Азиз вынул из пояса запись:
— А вот какие, друг Башир! Я их записал на память: за шелк двадцать пять драм с верблюжьего груза и столько же с шелковых тканей. А на хлопок, сахар и медь — пятнадцать драм с груза верблюда и десять драм с груза мула. А за пряности — двадцать драм с верблюжьего груза.
— Грабеж! — возмутился Хетумян. — Да неужели падишах так и оставит безнаказанными гнусные деяния гяуров?
— Несомненно, кара Аллаха скоро падет на курджиев и острая сабля опустится на их шею, — уверенно заявил Азиз.
— Когда это будет? Время-то уходит! — простонал Куршуд.
— В самом деле, кто воюет зимой? Лето подходит, а все на майдане толкуют — падишах на охоте… — недоумевал Хетумян.
Азиз развел руками:
— Кому могут быть в Конии известными намерения великого из великих?
— Один Авшар-бек может их знать, — буркнул Кур-шуд-ходжа.
— А кто такой Авшар-бек? — небрежно бросил Хетумян.
— Кто не знает Авшар-бека? — изумился Азиз. — Авшар-бек известный человек… эмир меджлиса[75] он и правитель Конии в отсутствие падишаха (да будет он здоров и силен!)…
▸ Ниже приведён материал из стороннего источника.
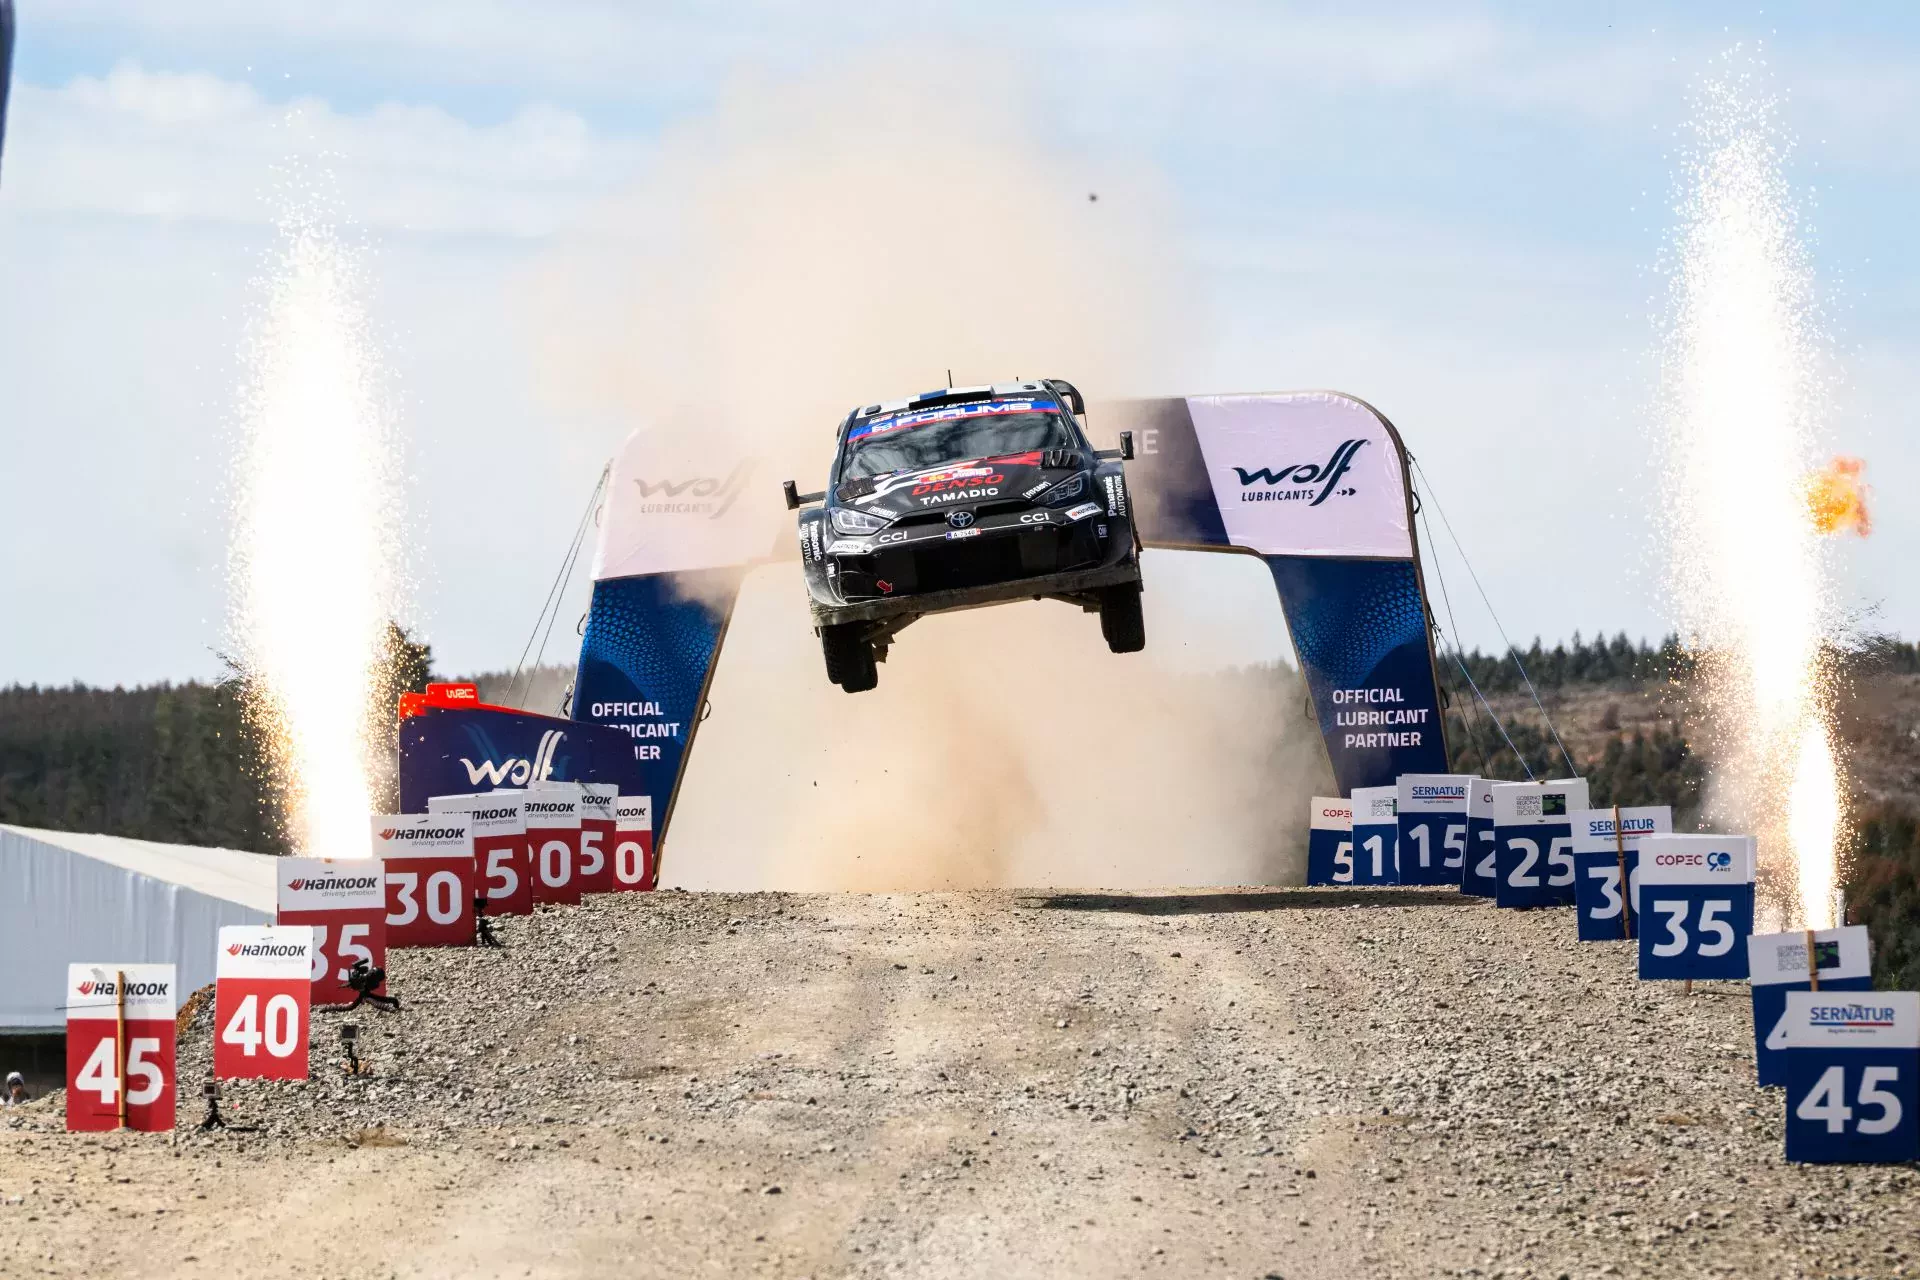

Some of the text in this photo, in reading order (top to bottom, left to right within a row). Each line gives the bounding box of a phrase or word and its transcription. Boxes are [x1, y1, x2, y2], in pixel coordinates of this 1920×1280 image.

Эмир меджлиса Авшар-бек, родом из «древних» беев, был одним из крупнейших сановников двора. Особенно значительной была его роль при воцарении султана, когда в тронном зале раскрывалась парчовая занавесь и на золотой трон восседал новый падишах. Знатные люди султаната входили в зал, падали ниц и целовали пол между своими руками, воздавая хвалу Всевышнему. Тогда к ним подходил Авшар-бек, подводил за руку к падишаху и тот удостаивал их своим приветствием. При этом беи должны были осыпать султана золотыми монетами, а Авшар-бек должен был следить, чтобы подлые гулямы, сохрани аллах, не украли ни одного динара. И много еще других важных дел было у Авшар-бека.
Ранним утром у ворот эмирского дома, расположенного на холме поблизости от дворца султана, послышалась громкая перебранка, которая разбудила высокородного эмира. Высунув голову в открытое окно с цветными стеклами, Авшар-бек посмотрел вниз. Во двор вошел охранник Селим в сопровождении какого-то купца-сирийца. В руках тот держал завернутый в платок длинный ящик.
— Что за шум, дети Эблиса? И почему в такую рань пришел этот сириец, Селим? — гневно закричал Авшар-бек.
Охранник с низким поклоном доложил:
— Великий бей беев, я не пускал этого шайтана во двор! Но купец кричит, что у него есть сабля самого халифа Омара.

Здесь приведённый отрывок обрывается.